The first city in New York to impose strict restrictions on its citizens due to the spread of COVID-19 is now seeing encouraging results, its mayor says.

New Rochelle, in Westchester County, was the first place in New York to see community spread of the virus, after resident Lawrence Garbuz tested positive on March 2. All eyes were on the city as cases ballooned rapidly, and on March 10 Gov. Andrew Cuomo announced what seemed like rigorous measures at the time -- a 1-mile "containment zone" starting March 12 and running two weeks.

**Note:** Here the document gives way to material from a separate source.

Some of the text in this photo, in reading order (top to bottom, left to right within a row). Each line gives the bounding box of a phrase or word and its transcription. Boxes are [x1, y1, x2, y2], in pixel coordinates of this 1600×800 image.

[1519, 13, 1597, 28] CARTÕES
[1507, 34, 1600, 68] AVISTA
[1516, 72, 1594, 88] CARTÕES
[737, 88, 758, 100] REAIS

Inside, schools were closed and large gatherings were banned. The National Guard was called to help deliver meals to those in quarantine and a drive-thru testing site was opened. While the order sounded stringent at the time, the rest of the tri-state was not far behind with similar measures.

Speaking on CNN’s “New Day” Friday just days after the conclusion of the experiment, New Rochelle Mayor Noam Bramson says his city’s experience trying to contain the virus gives reason for cautious optimism. "We’re now seeing some indication that the rate of increase in the virus is moderating,” he said.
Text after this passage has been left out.